Examining the latest attempts to find greener formulas for one of the world’s biggest carbon criminals – cement
It’s a sobering statistic. Two billion tonnes of carbon dioxide are emitted every year from the global production of cement. This is equivalent to 5% of all global carbon dioxide emissions – more than aviation. And this at a time when construction is under pressure to prove its green credentials.
Manufacturing traditional Portland cement is an energy-intensive process. It is made by heating limestone and clay in a giant kiln at about 1,500°C to produce clinker, which is then ground with gypsum to make cement. But are there any alternatives to clinker? Here, ڶ examines four of the latest approaches.
1 Recycled aggregates
Aggregate Industries is using a novel cement mix on the construction of the Creo house, which is currently undergoing evaluation at BRE’s Innovation Park near Watford. The concrete, which is being used with insulated concrete formwork, replaces a high percentage of the clinker with pulverised fuel ash (PFA), which is then combined with recycled aggregates. “The aim is to get the embodied energy down as much as possible,” says Ian Cox, Aggregate Industries’ director of construction solutions.
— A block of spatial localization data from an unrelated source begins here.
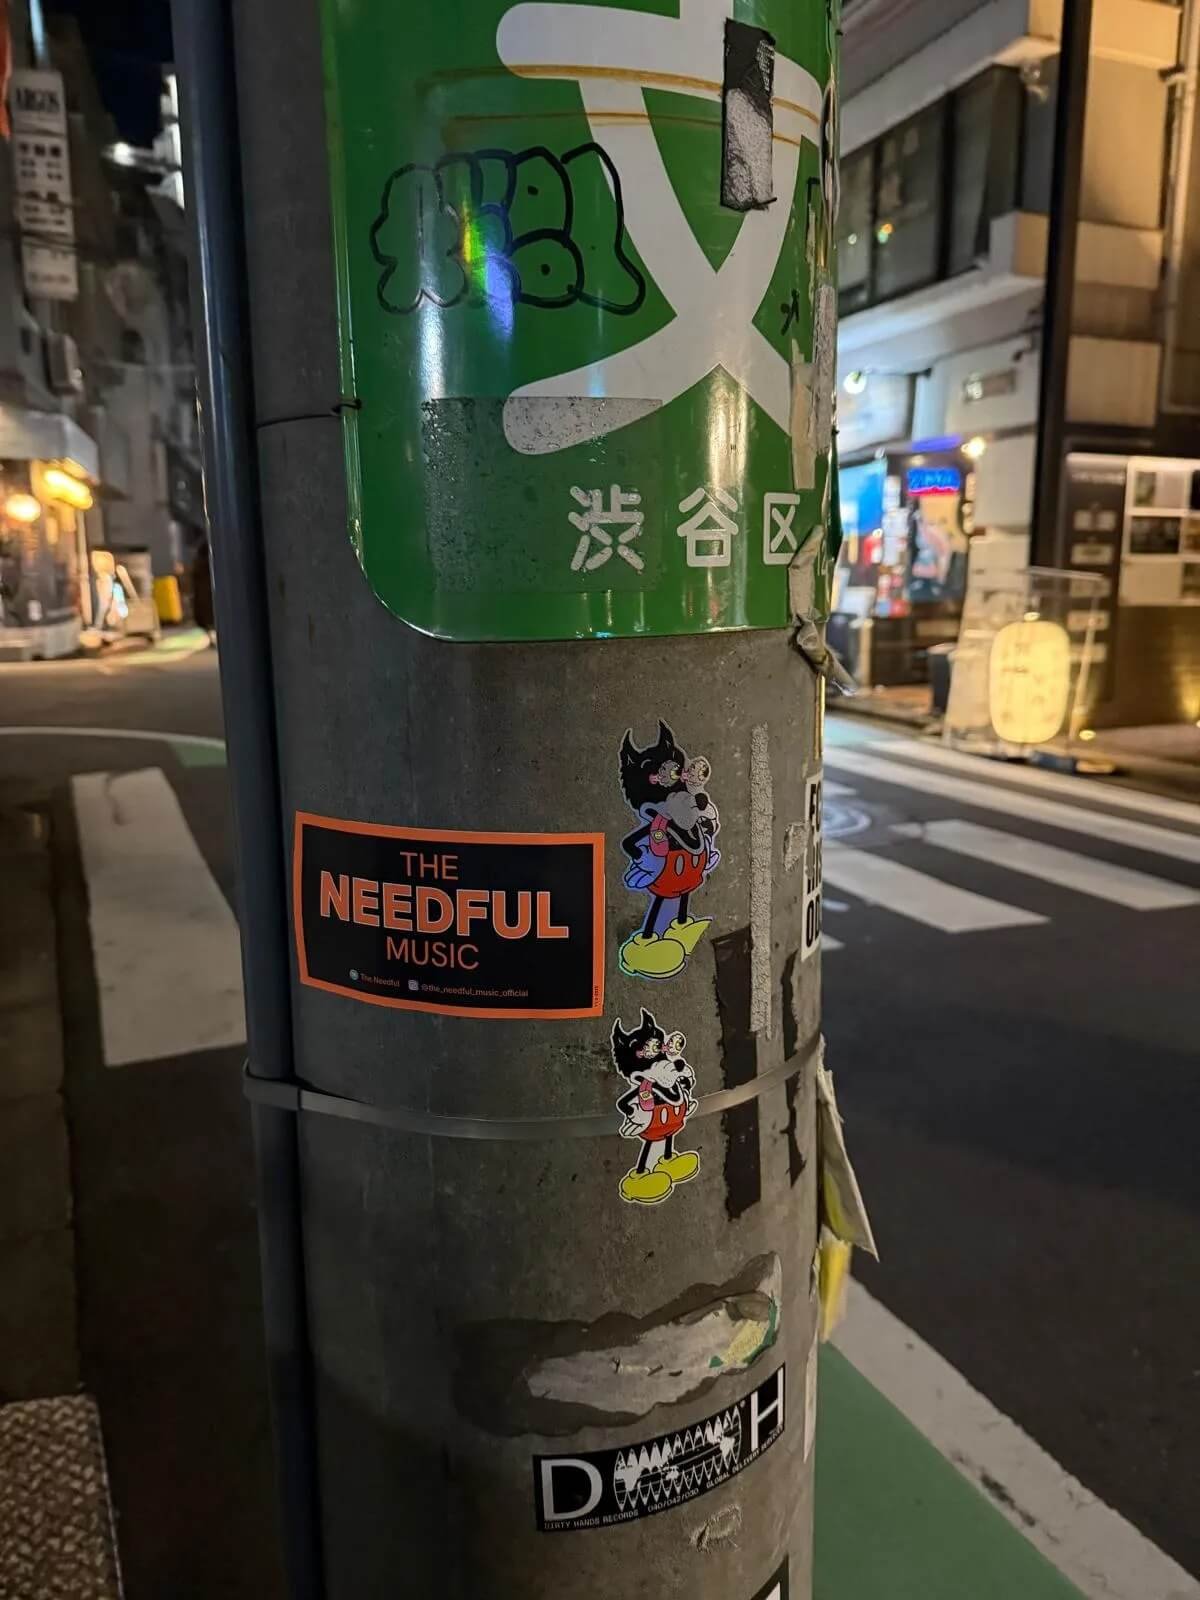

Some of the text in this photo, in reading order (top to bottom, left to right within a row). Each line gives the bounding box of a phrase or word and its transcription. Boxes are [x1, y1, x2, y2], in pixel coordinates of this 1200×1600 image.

[568, 484, 801, 571] 渋谷区
[400, 851, 459, 881] THE
[319, 870, 569, 939] NEEDFUL
[386, 935, 480, 970] MUSIC
[373, 975, 400, 988] Needful
[421, 983, 529, 997] @the_needful_music_official
[540, 1367, 784, 1521] D H
[573, 1517, 600, 1528] HANDS
[602, 1509, 639, 1524] RECORDS
[706, 1471, 730, 1489] GLOBAL
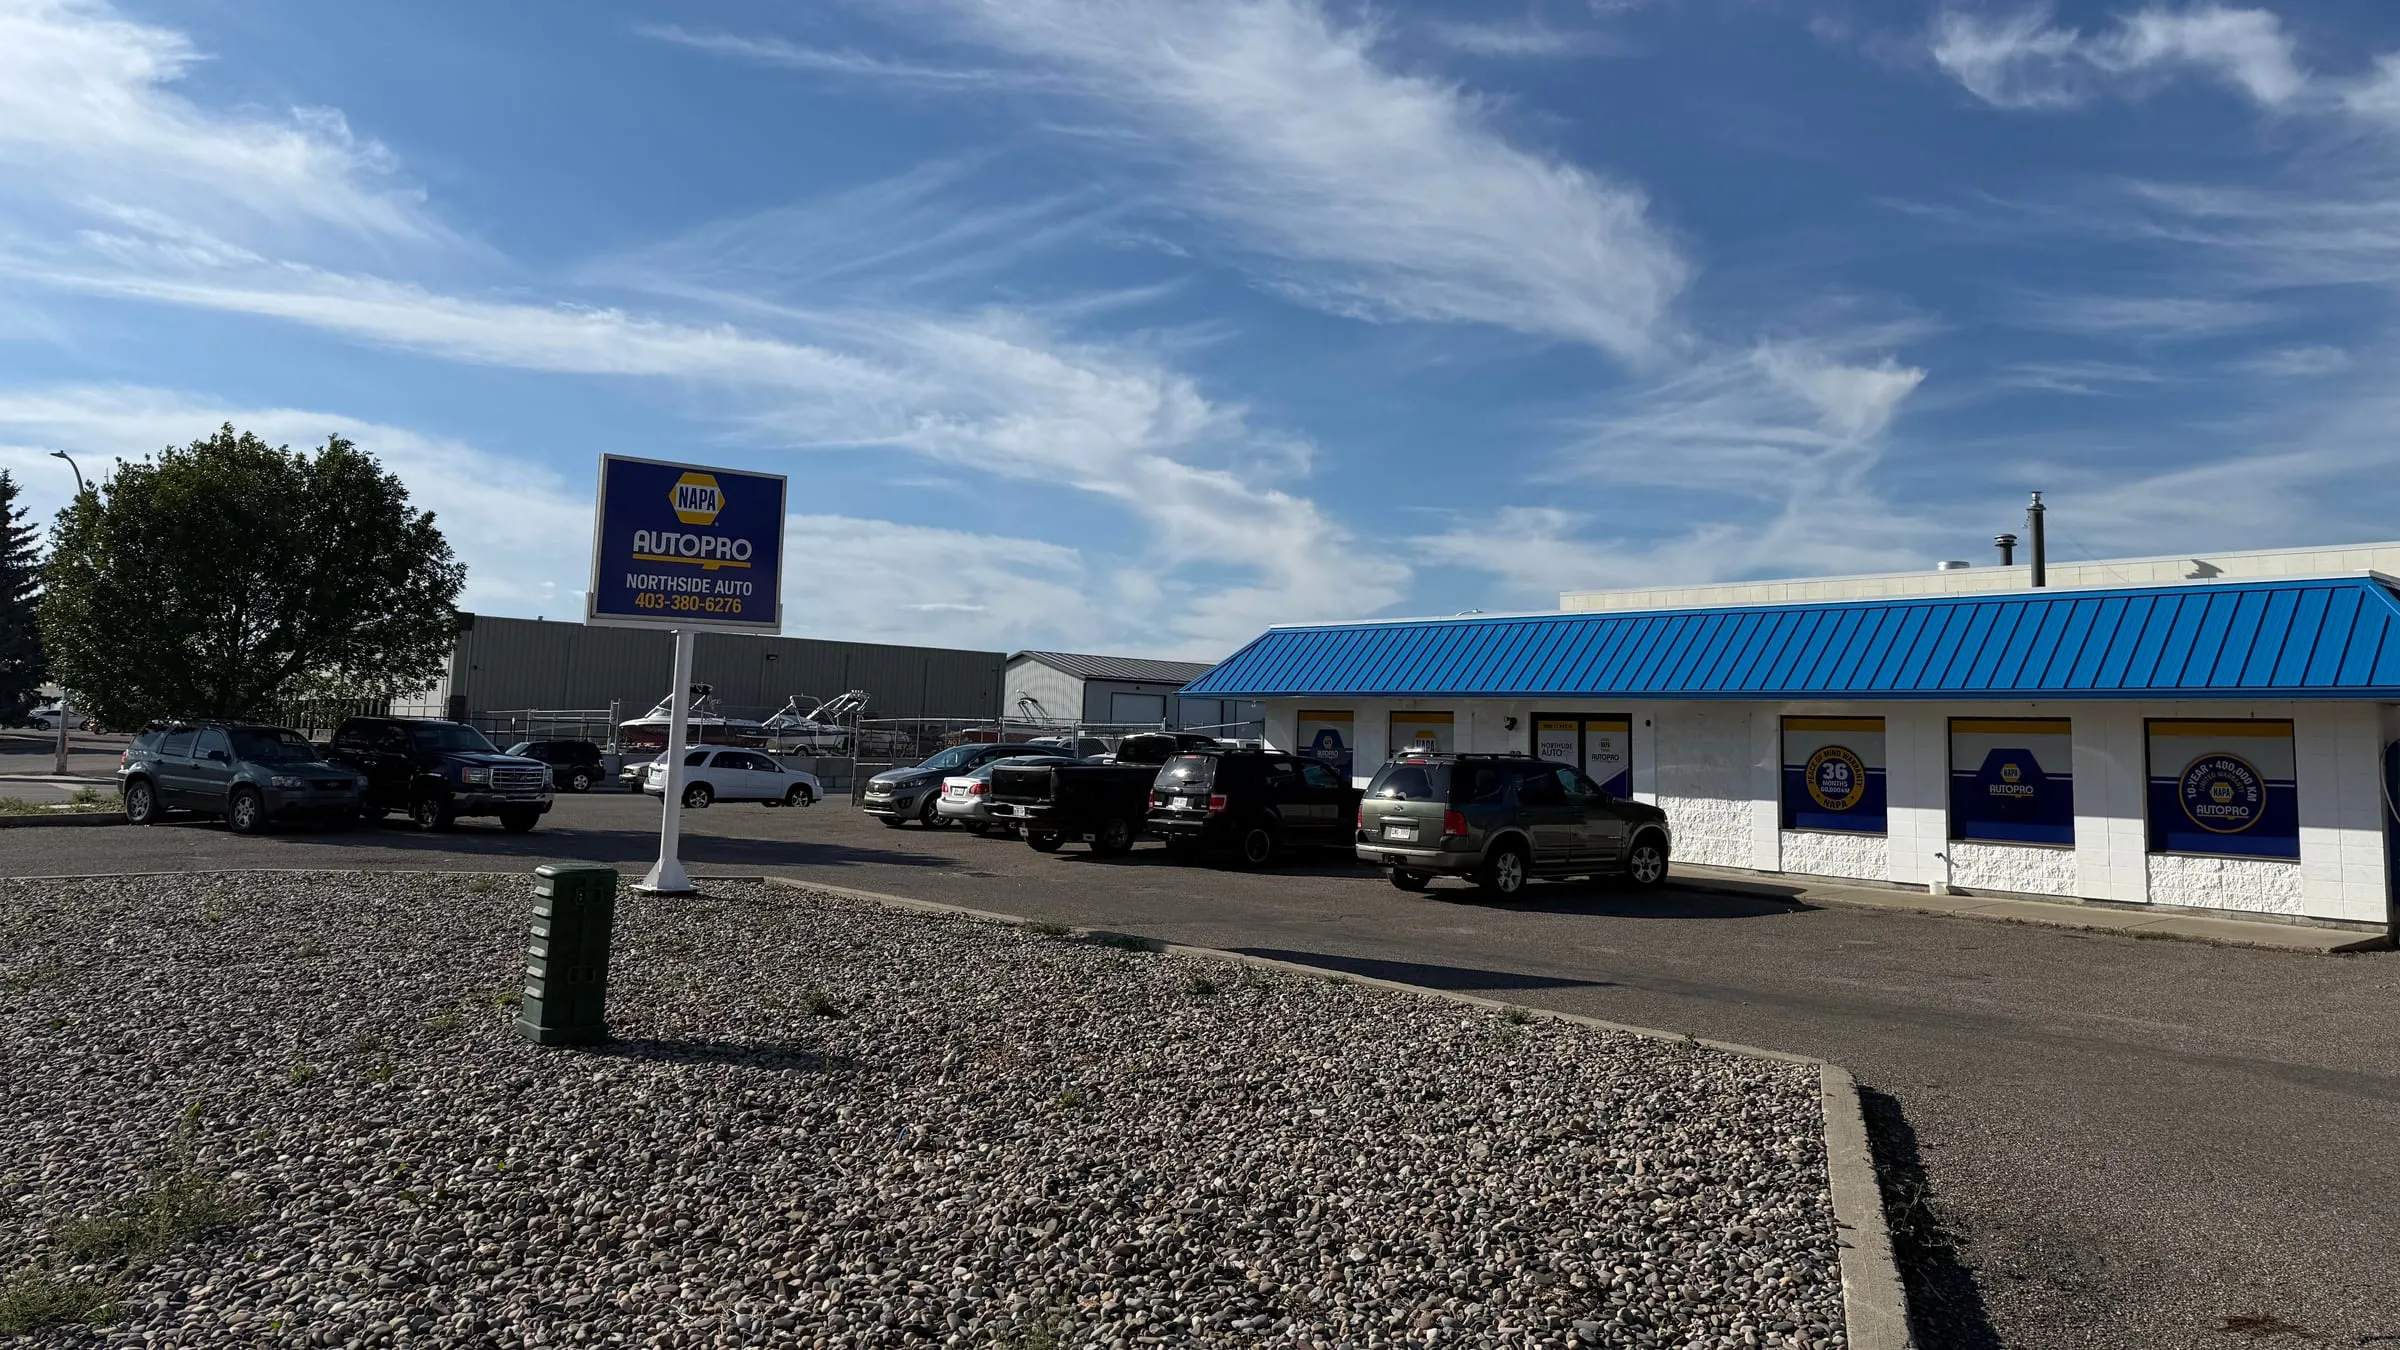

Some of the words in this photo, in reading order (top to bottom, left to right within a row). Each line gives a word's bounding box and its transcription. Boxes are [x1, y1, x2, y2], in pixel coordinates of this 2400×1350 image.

[678, 486, 716, 511] NAPA
[633, 529, 752, 561] AUTOPRO
[626, 573, 711, 594] NORTHSIDE
[714, 580, 753, 596] AUTO
[635, 592, 742, 614] 403-380-6276
[1541, 742, 1572, 750] NORTHSIDE
[1541, 748, 1563, 757] AUTO
[1591, 753, 1620, 761] AUTOPRO
[1823, 749, 1842, 757] MIND
[1822, 762, 1848, 780] 36
[2003, 768, 2019, 777] NAPA
[2187, 764, 2209, 799] 10-YEAR
[2215, 760, 2253, 785] 400,000
[2246, 786, 2257, 802] KM
[1989, 784, 2034, 794] AUTOPRO
[2213, 787, 2232, 798] NAPA
[1823, 798, 1848, 809] NAPA
[2196, 804, 2249, 816] AUTOPRO
The mix comprises both recycled aggregates and secondary aggregates – which are a by-product from the firm’s china clay mines in Cornwall. It has about 30% less embodied CO2 than regular concrete, and importantly it is also eligible for credits under BREEAM because of the recycled content.
2 Eco minerals
In May, after two decades of development, RockTron launched what it terms an “eco-substitute” to cement. This is based on PFA that has undergone a purification process. The main advantage of doing this is that it enables a higher substitution of clinker than conventional PFA – more than 50% – so results in concrete with even lower embodied carbon. Research is under way to see if this can be increased beyond 60%.
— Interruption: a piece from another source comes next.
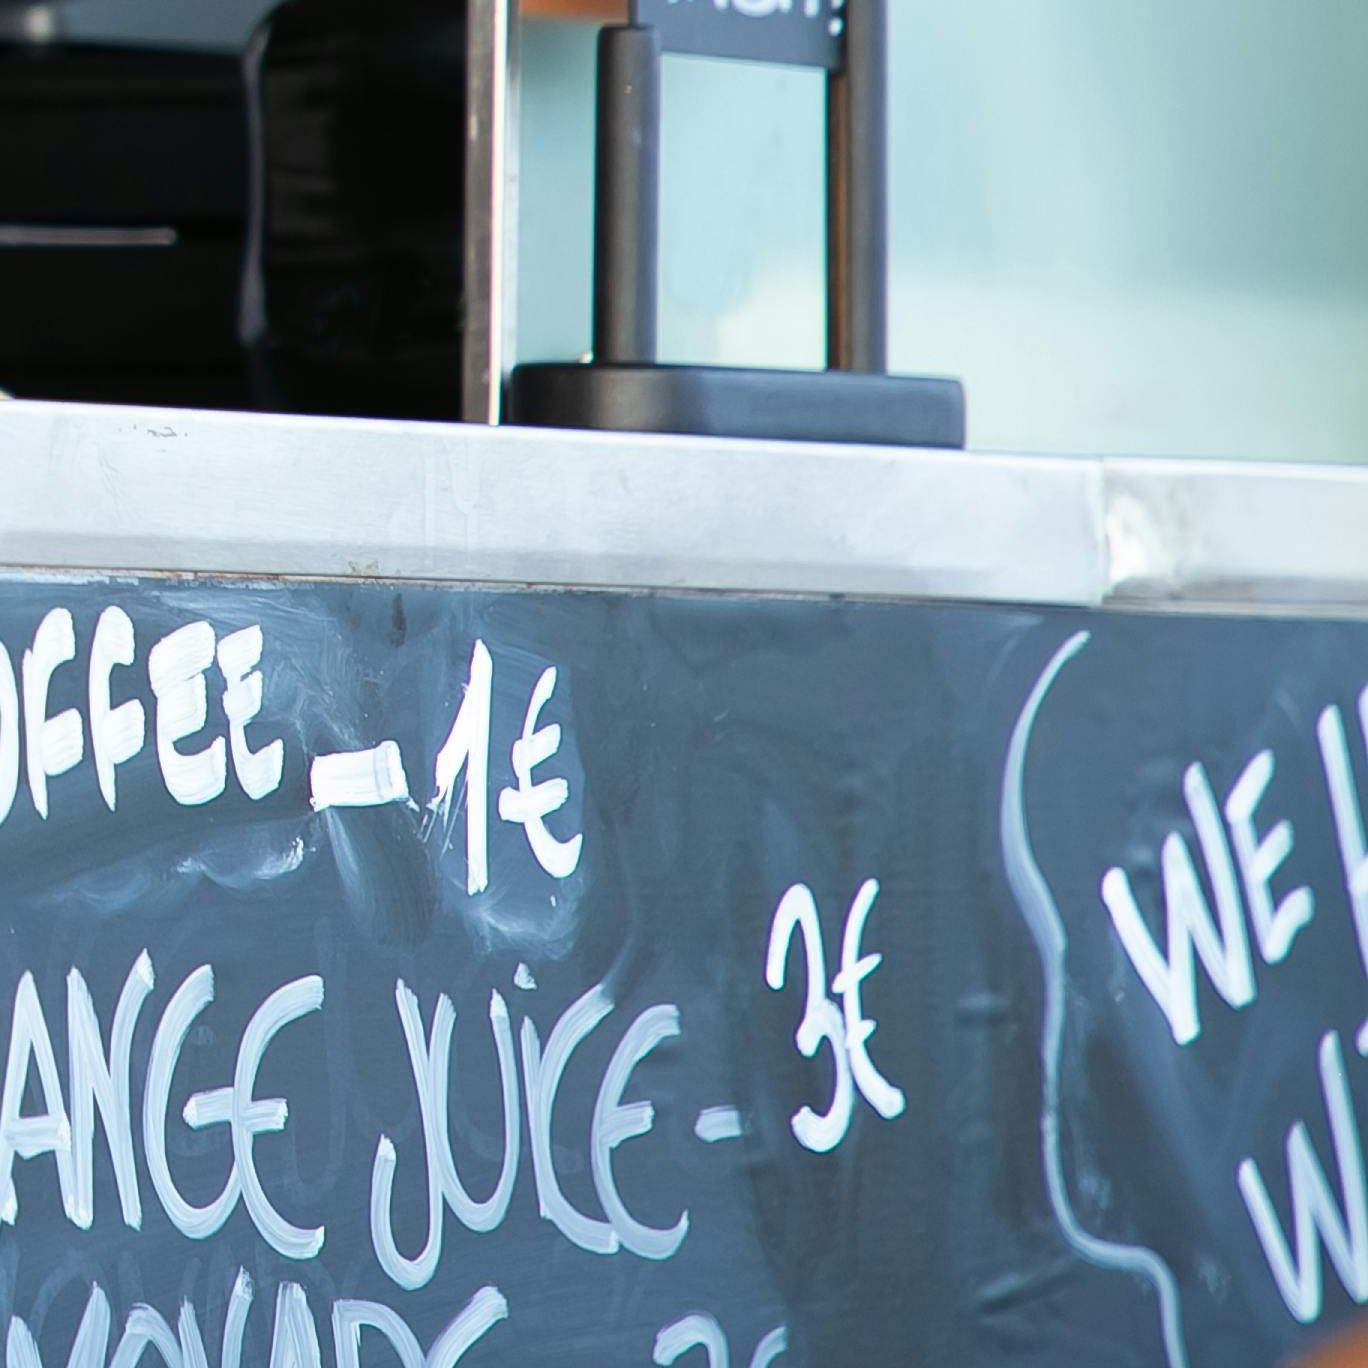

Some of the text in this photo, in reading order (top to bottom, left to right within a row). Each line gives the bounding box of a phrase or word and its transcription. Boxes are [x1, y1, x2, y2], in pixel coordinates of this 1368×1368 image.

[424, 637, 584, 897] 1€
[1100, 748, 1315, 1046] WE
[764, 877, 905, 1153] 3€
Philip Owens, an independent concrete consultant, says cement made with RockTron Alpha eco-substitute will conform fully to BSEN 197 – the standard for the composition of cement. He adds that the time the formwork needs to stay in place for concrete made using this eco-substitute are the same as for traditional concrete.
Another advantage of the RockTron purification process is that it can re-use PFA that has already been sent to landfill, reducing concerns over lack of supply and landfill.
3 Blended cement
“Blended” or “composite” cement is the term given to cement where a proportion of the clinker is replaced with other cementitious materials.
For walls and columns, using a blended cement often means the formwork needs to stay in place for an extra day
Michael Ottway, Whelan & Grant
The most common clinker substitutes are pulverised fuel ash, which is a waste product from coal-fired power stations; ground, granulated blast furnace slag, which is a by-product of iron manufacture, and limestone, which is already used in the cement-making process.
These factory-blended cements have been available for a number of years; however, interest in their use is rising, according to the Concrete Centre, the UK concrete industry development organisation. Figures from materials supplier Lafarge UK show that sales of these types of cement have risen in the five years to 2008 from just over 5% to 25%. “We are seeing greater interest from specifiers because of the cement’s embodied CO2, which is generally considerably lower than traditional cement,” says Bill Price, Lafarge Cement UK’s national commercial technical manager.
There are pros and cons to using concrete made with these mixes. Generally, the more clinker that is replaced, the longer it takes for the concrete to develop strength. Michael Ottway of concreting contractor Whelan & Grant says this lack of early strength is the main drawback: “For walls and columns, using a blended cement often means the formwork needs to stay in place for an extra day. But on single-storey buildings where there isn’t a lot of repetition it isn’t usually a problem.”
This lack of early strength also rules them out for post-tensioned slabs, but as Price points out, concrete made with blended cements tends to keep gaining strength over time and can become stronger than concrete made using ordinary Portland cement.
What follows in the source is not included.